I think many of them are now using BBR or BBR v2. It would be
interesting to know how it impacted switch buffering.
--
As flies to wanton boys are we to the gods; they kill us for their sport.
-- Shakespeare, "King Lear"
Re: Trident3 vs Jericho2 [ In reply to ]
On Fri, Apr 9, 2021 at 6:05 AM Mike Hammett <nanog@ics-il.net> wrote:
> What I've observed is that it's better to have a big buffer device
> when you're mixing port speeds. The more dramatic the port
> speed differences (and the more of them), the more buffer you need.
>
> If you have all the same port speed, small buffers are fine. If you have
> 100G and 1G ports, you'll need big buffers wherever the transition to
> the smaller port speed is located.


When a network is behaving well (losing few packets to data
corruption), TCP throughput is is impacted by exactly two factors:

1. Packet round trip time
2. The size to which the congestion window has grown when the first
packet is lost

Assuming the sender has data ready, it will (after the initial
negotiation) slam out 10 packets back to back at the local wire speed.
Those 10 packets are the initial congestion window. After sending 10
packets it will wait and wait and wait until it hits a timeout or the
other side responds with an acknowledgement. So those initial packets
start out crammed right at the front of the round trip time with lots
of empty afterwards.

The receiver gets the packets in a similar burst and sends its acks.
As the sender receives acknowledgement for each of the original
packets, it sends two more. This doubling effect is called "slow
start," and it's slow in the sense that the sender doesn't just throw
the entire data set at the wire and hope. So, having received acks for
10 packets, it sends 20 more. These 20 have spread out a little bit,
more or less based on the worst link speed in the path, but they're
still all crammed up in a bunch at the start of the round trip time.
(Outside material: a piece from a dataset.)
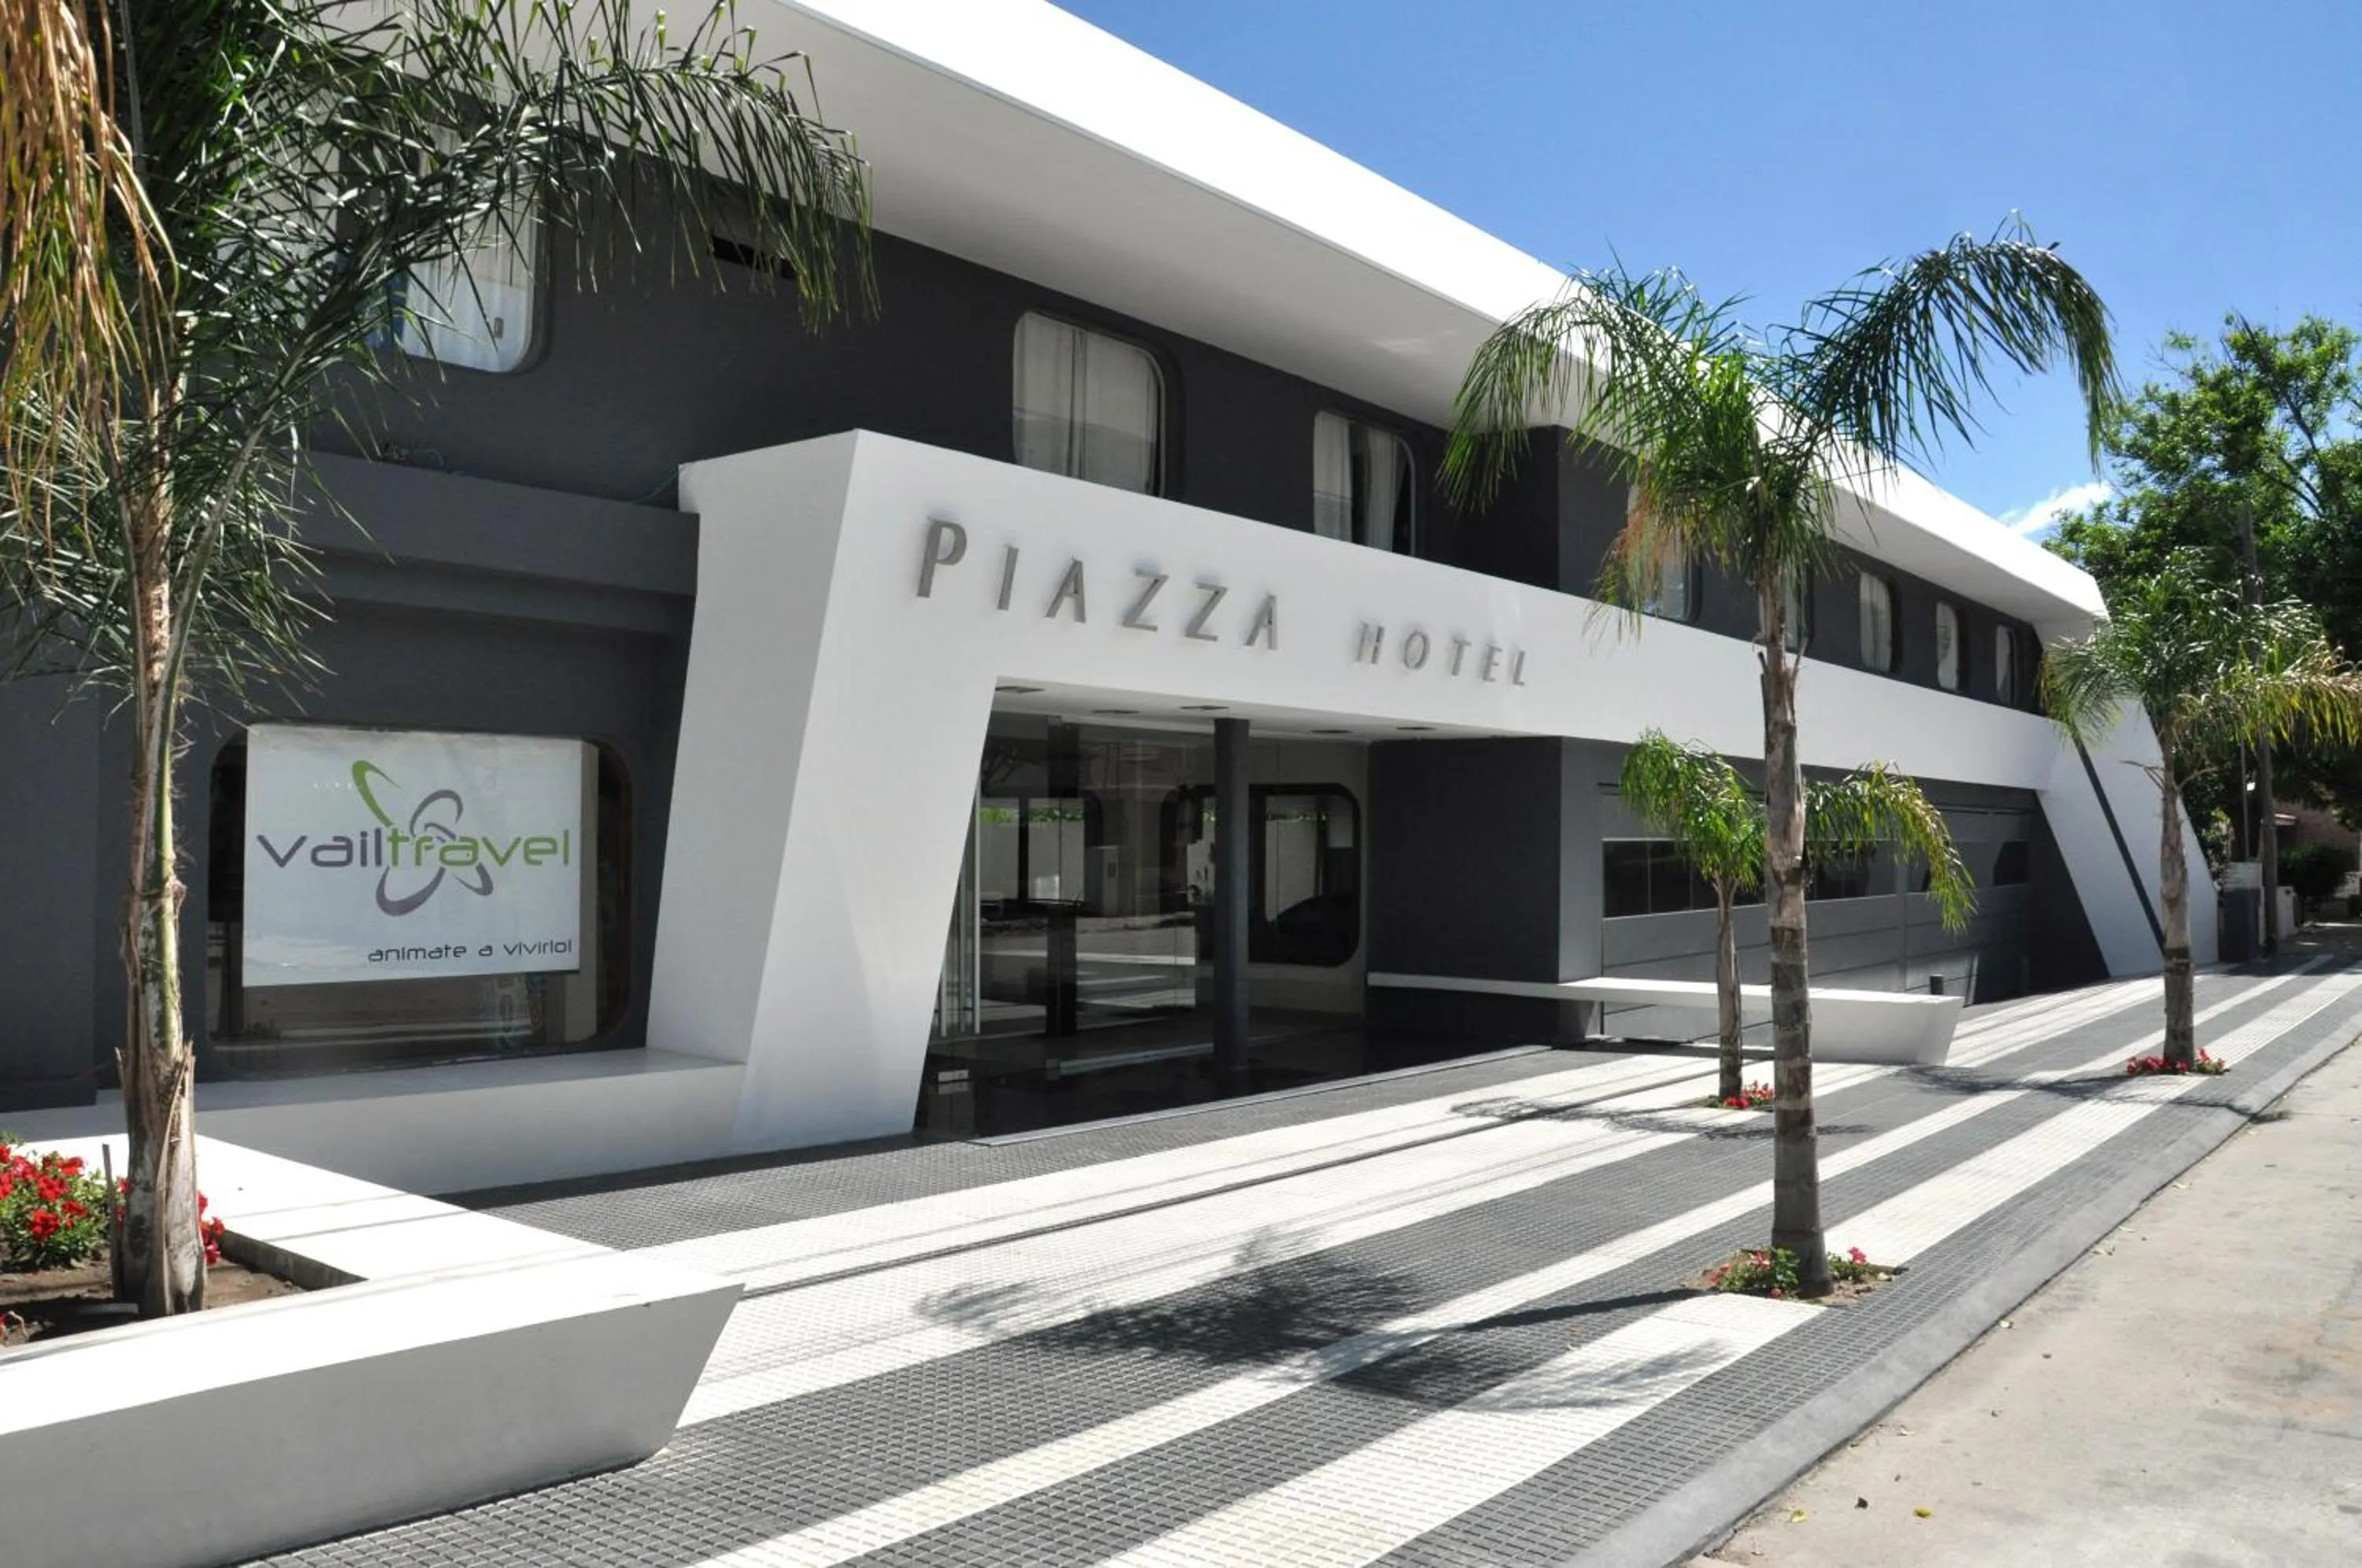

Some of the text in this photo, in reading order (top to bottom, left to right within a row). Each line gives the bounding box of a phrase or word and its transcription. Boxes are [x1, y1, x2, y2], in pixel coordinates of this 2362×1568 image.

[916, 517, 1527, 686] PIAZZA HOTEL
[368, 944, 467, 962] animate
[478, 945, 493, 957] a
Next round trip time it doubles to 40 packets. Then 80. Then 160. All
crammed up at the start of the round trip time causing them to hit
that one slowest link in the middle all at once. This doubling
continues until one of the buffers in the middle is too small to hold
the trailing part of the burst of packets while the leading part is
sent. With a full buffer, a packet is dropped. Whatever the congestion
window size is when that first packet is dropped, that number times
the round trip time is more or less the throughput you're going to see
on that TCP connection.

The various congestion control algorithms for TCP do different things
after they see that first packet drop. Some knock the congestion
window in half right away. Others back down more cautiously. Some
reduce growth all the way down to 1 packet per round trip time. Others
will allow faster growth as the packets spread out over the whole
round trip time and demonstrate that they don't keep getting lost. But
in general, the throughput you're going to see on that TCP connection
has been decided as soon as you lose that first packet.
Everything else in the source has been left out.